You shoot someone to stop him or her from doing something harmful toward you, your teammate or an innocent bystander. What’s your goal? To stop their actions as quickly as possible. Shooting someone in the torso—even a heart shot—simply means that you’re bleeding him to death. So what are your options?
Shooting them in the face instead of the body — if you can.
The logic is simple—you shoot a person in order to stop him from doing something. The goal is to stop their actions as quickly as possible. Shooting someone in the torso—even a heart shot—simply means that you’re bleeding him to death, and that takes precious time. During those moments a person can do a lot of damage.
I’ve witnessed white-tailed deer with their heart blown out and they run for hundreds of yards, even miles, trailing blood the whole time until they die from blood loss—a sort of natural loss of hydraulic pressure. (I guess they weren’t conditioned to fall when hit — they’d never watched TV!)
Similarly, an attacker can keep functioning before he dies from blood loss. Sure, it depends on where he’s been hit—hit an artery and it gets pumped out faster; give him a head wound but miss the critical part of the brain and it will take longer because of the smaller, spread-out capillaries, which don’t carry a ton of blood volume.
He could continue firing, set off a bomb, run you over in a car, stab you, or even beat you to death with your own gun—all of which has happened before. To make matters worse, if he is wearing body armor and you’ve just shot him in the body, you will now have one pissed-off attacker moving with even more of a purpose—a much harder shot to make.
But if you shoot someone in the teeth or the nose, the bullet goes straight back, basically unhindered, except for a few teeth and soft tissue in the back of the throat, into the brain stem—the medulla oblongata, as the medical folks call it. That’s the critical, essential area that controls motor functions. If that’s hit, all activity stops. It’s like pulling the power cord.

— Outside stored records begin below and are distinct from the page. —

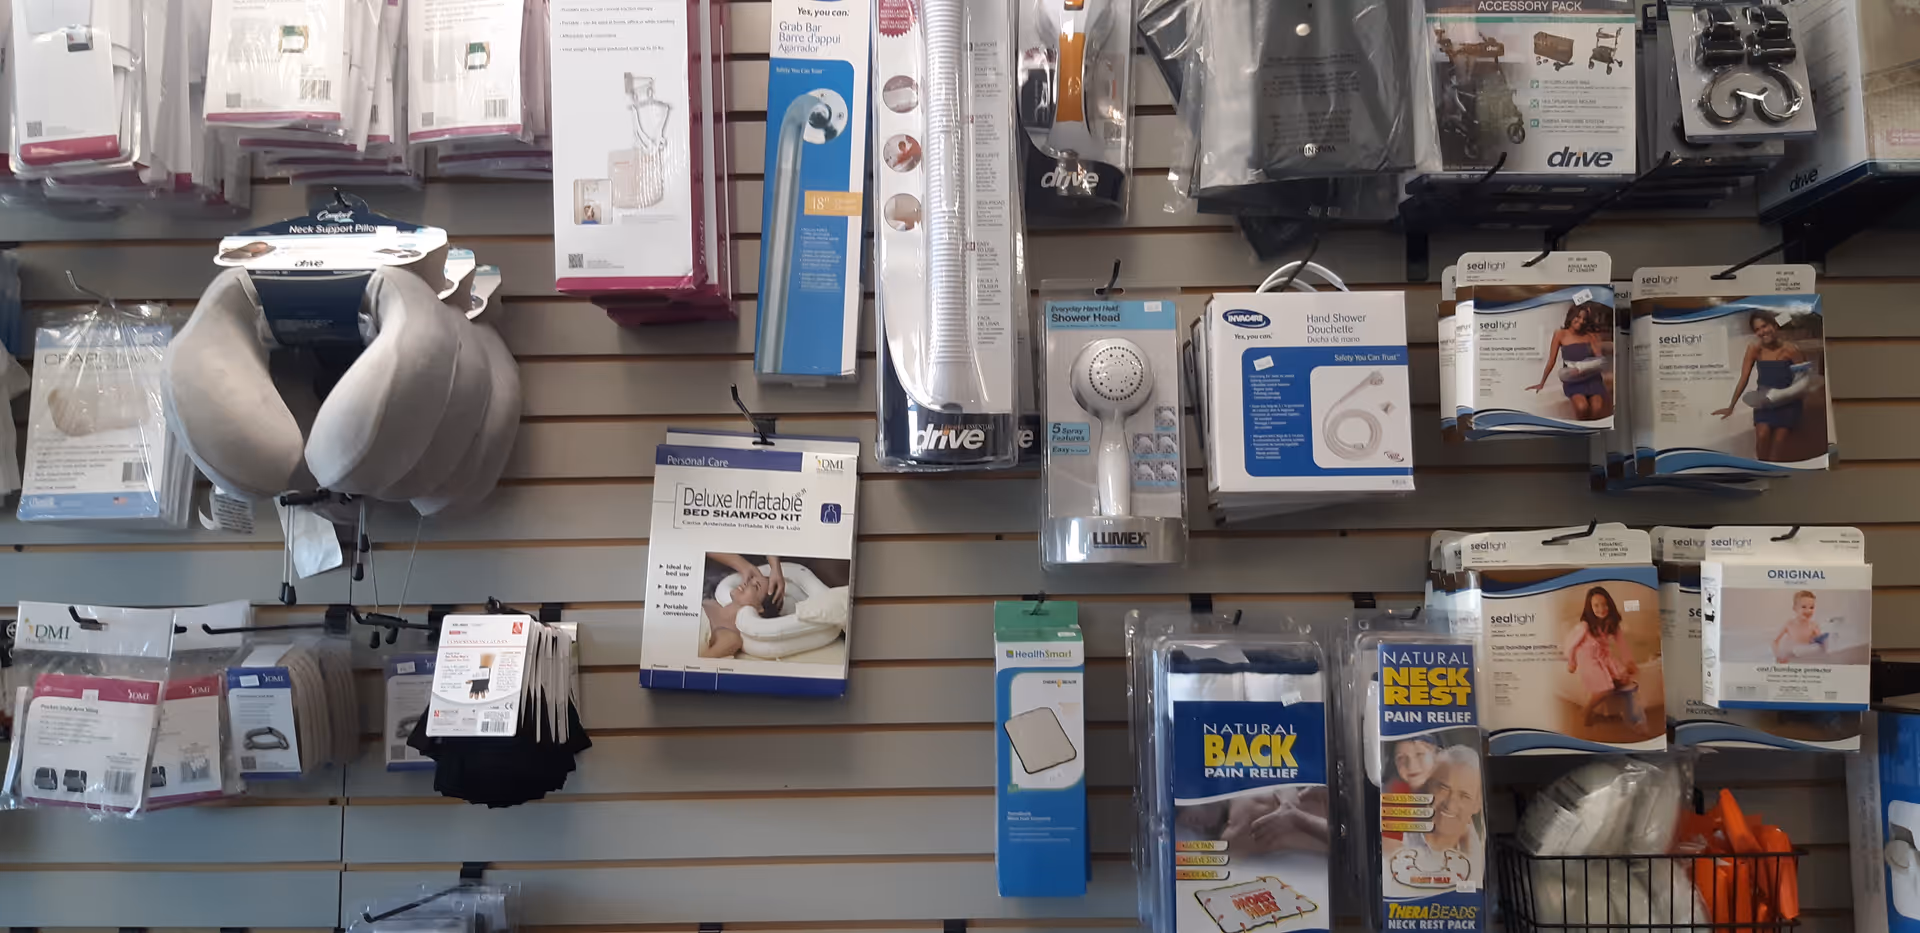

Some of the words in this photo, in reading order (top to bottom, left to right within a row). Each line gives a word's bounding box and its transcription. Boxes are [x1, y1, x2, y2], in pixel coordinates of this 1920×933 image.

[797, 6, 813, 17] Yes,
[814, 9, 831, 18] you
[1477, 0, 1548, 12] ACCESSORY
[1551, 0, 1583, 12] PACK
[779, 21, 803, 32] Grab
[805, 22, 822, 33] Bar
[778, 32, 805, 43] Barre
[807, 33, 841, 46] d'appui
[777, 43, 819, 54] Agarrador
[1546, 146, 1613, 168] drive
[1040, 167, 1100, 188] drive
[1789, 166, 1819, 193] drive
[316, 209, 355, 222] Comfort
[288, 224, 313, 234] Neck
[315, 224, 353, 235] Support
[1051, 305, 1082, 313] Everyday
[1051, 313, 1090, 322] Shower
[1093, 313, 1120, 322] Head
[1306, 313, 1331, 323] Hand
[1332, 313, 1367, 323] Shower
[1306, 324, 1354, 334] Douchette
[1306, 335, 1330, 343] Ducha
[1330, 335, 1340, 343] de
[1341, 335, 1361, 343] mano
[1334, 353, 1354, 363] Safety
[1354, 353, 1367, 362] You
[1367, 353, 1380, 361] Can
[1051, 422, 1061, 434] 5
[917, 423, 985, 450] drive
[1052, 446, 1070, 454] Easy
[667, 454, 706, 468] Personal
[707, 456, 729, 468] Care
[820, 458, 845, 471] DMI
[683, 487, 733, 509] Deluxe
[735, 489, 803, 513] Inflatable
[683, 508, 710, 517] BED
[712, 509, 777, 521] SHAMPOO
[780, 513, 802, 522] KIT
[1092, 531, 1147, 545] LUMEX
[665, 563, 682, 571] Ideal
[1767, 569, 1826, 581] ORIGINAL
[664, 583, 679, 591] Easy
[663, 602, 689, 611] Portable
[34, 623, 72, 641] DMI
[1015, 649, 1072, 659] HealthSmart
[1382, 651, 1469, 666] NATURAL
[1383, 666, 1471, 687] NECK
[1383, 685, 1472, 706] REST
[1384, 710, 1423, 724] PAIN
[1427, 711, 1472, 724] RELIEF
[1203, 723, 1298, 735] NATURAL
[1203, 734, 1299, 767] BACK
[1204, 767, 1244, 779] PAIN
[1249, 768, 1299, 779] RELIEF
[1388, 919, 1417, 930] NECK
[1419, 920, 1443, 930] REST
[1447, 920, 1476, 930] PACK
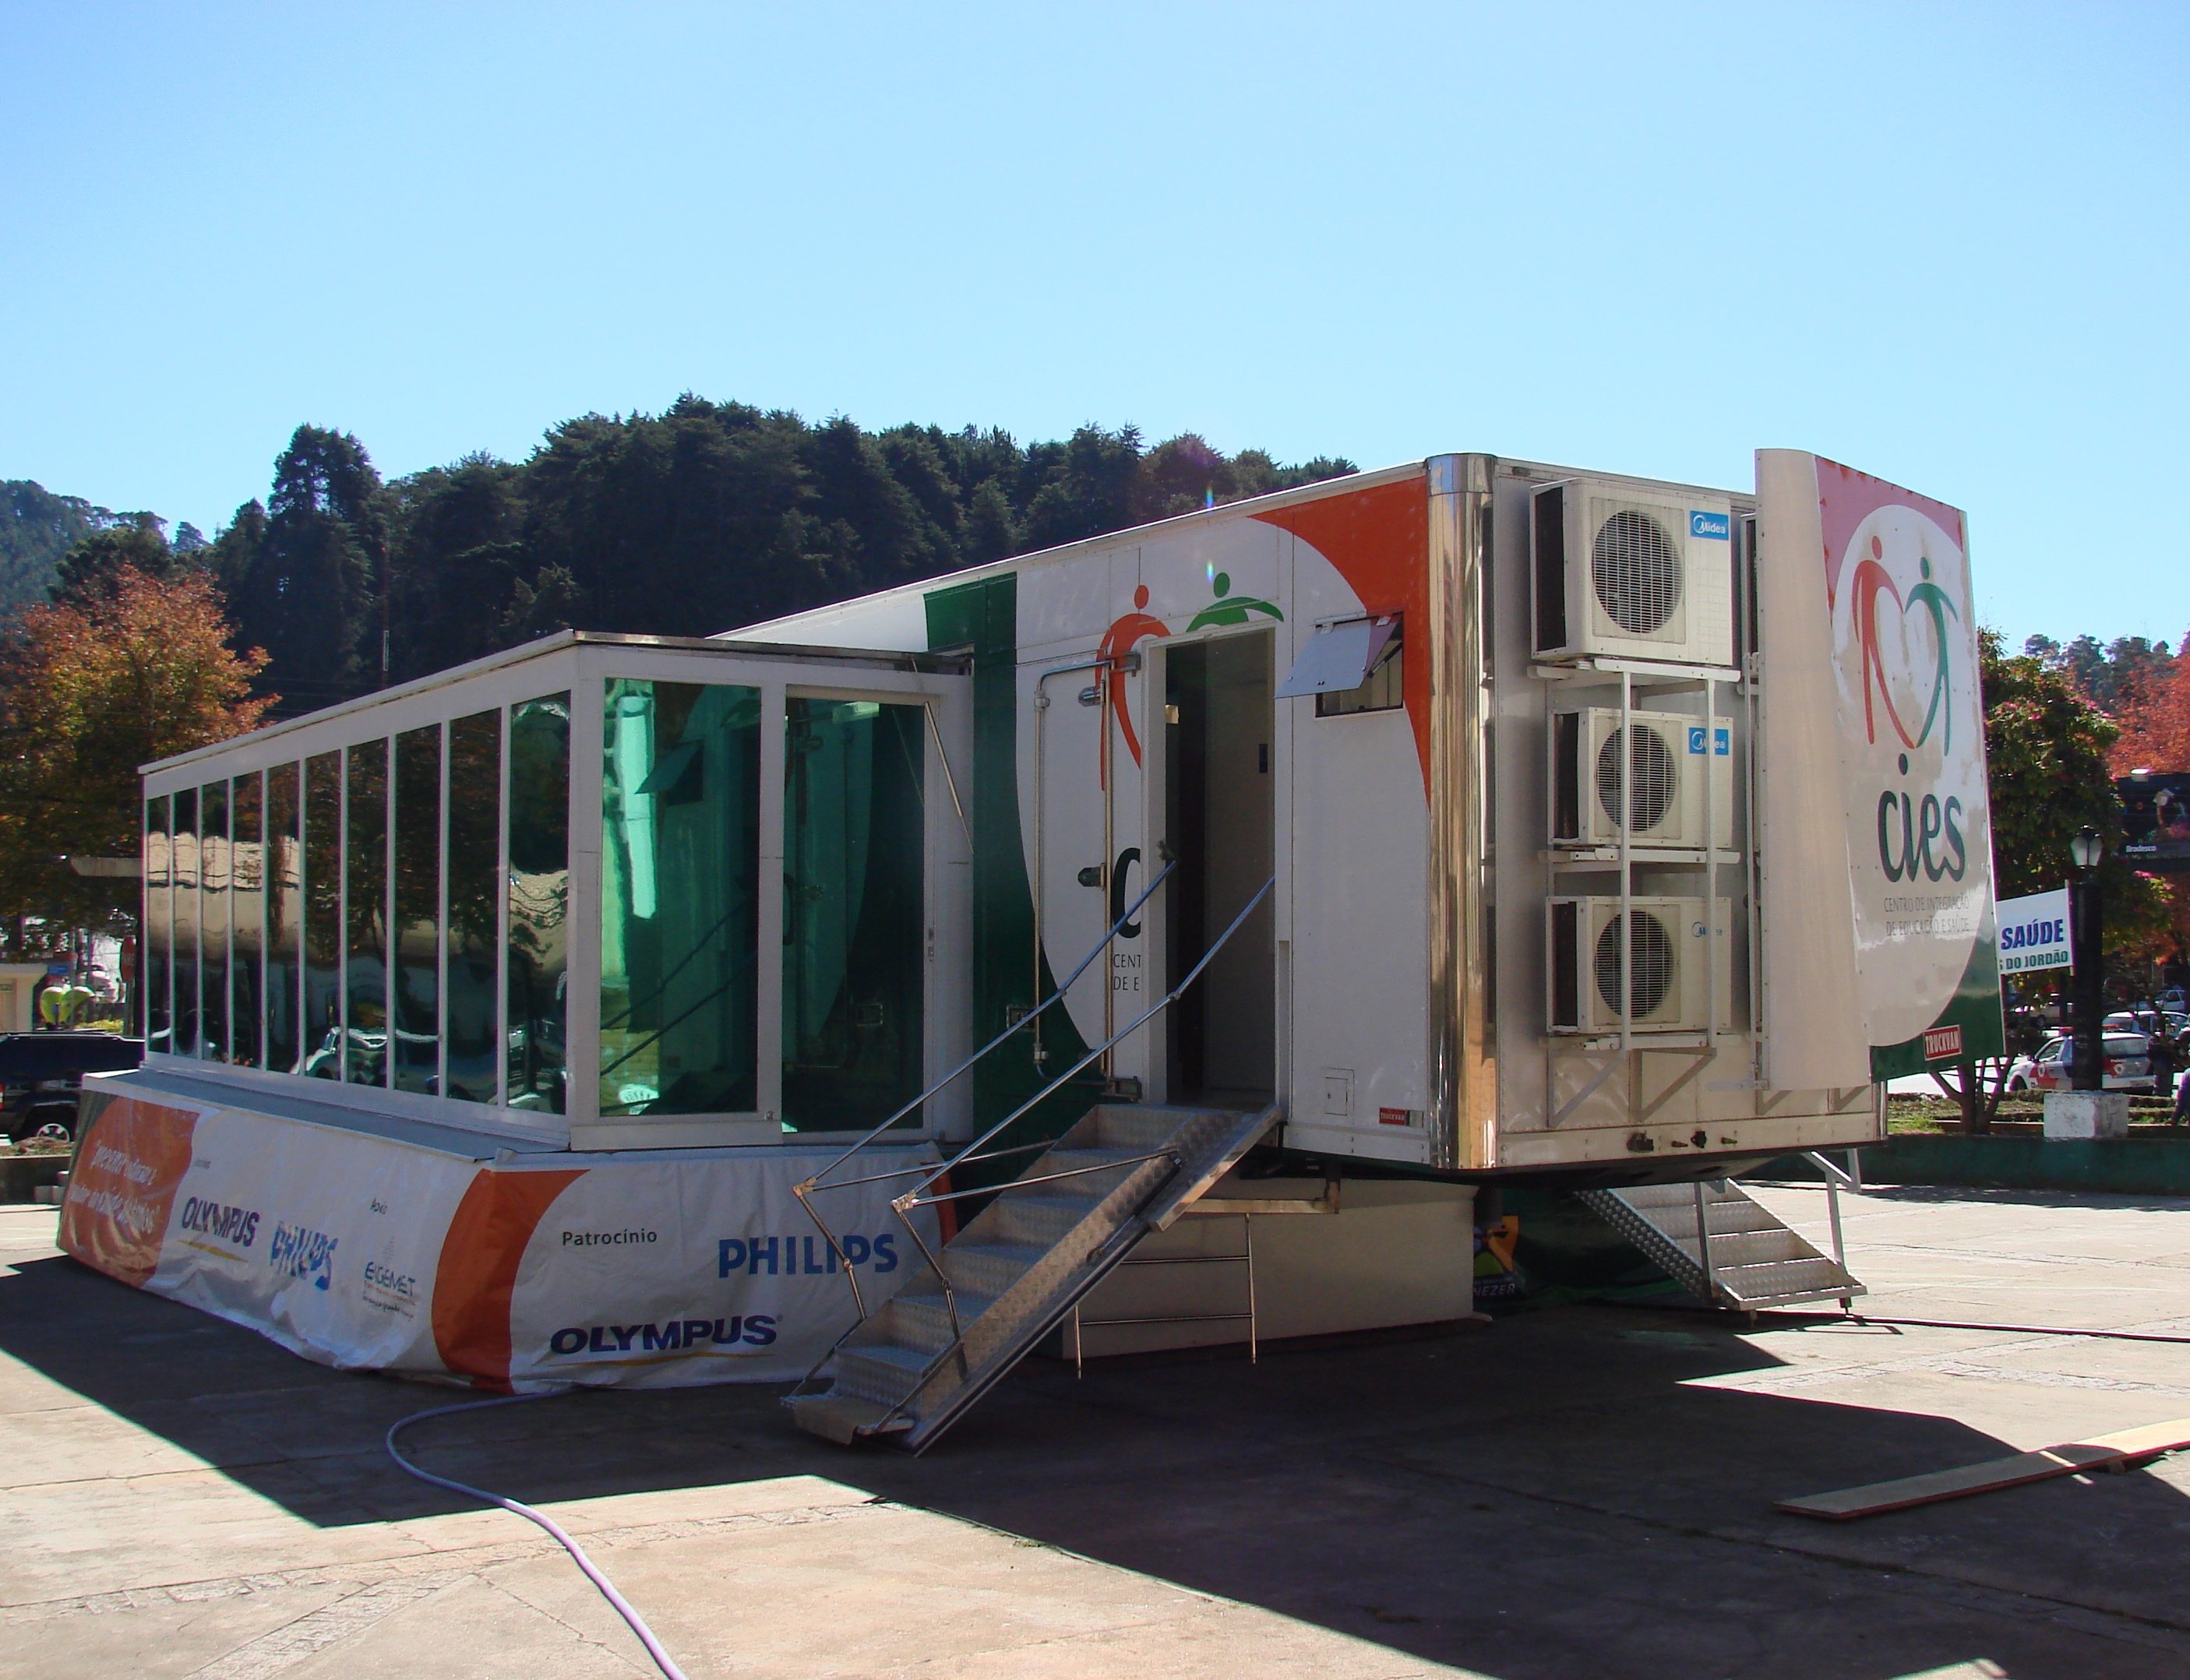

Blood loss isn’t a factor because you’ve just made a CNS hit—the central nervous system. In other words, that guy’s CPU just took a bullet and his computer just shut down. From the side? Shoot them in the earlobe. From the back? Hit the base of the skull. All this is called proper shot placement. You can kill someone with a .22-caliber, a twelve-gauge, a .50-cal, a BB, your fist, or even theoretically with a needle if you hit this spot precisely and with the right amount of velocity behind it.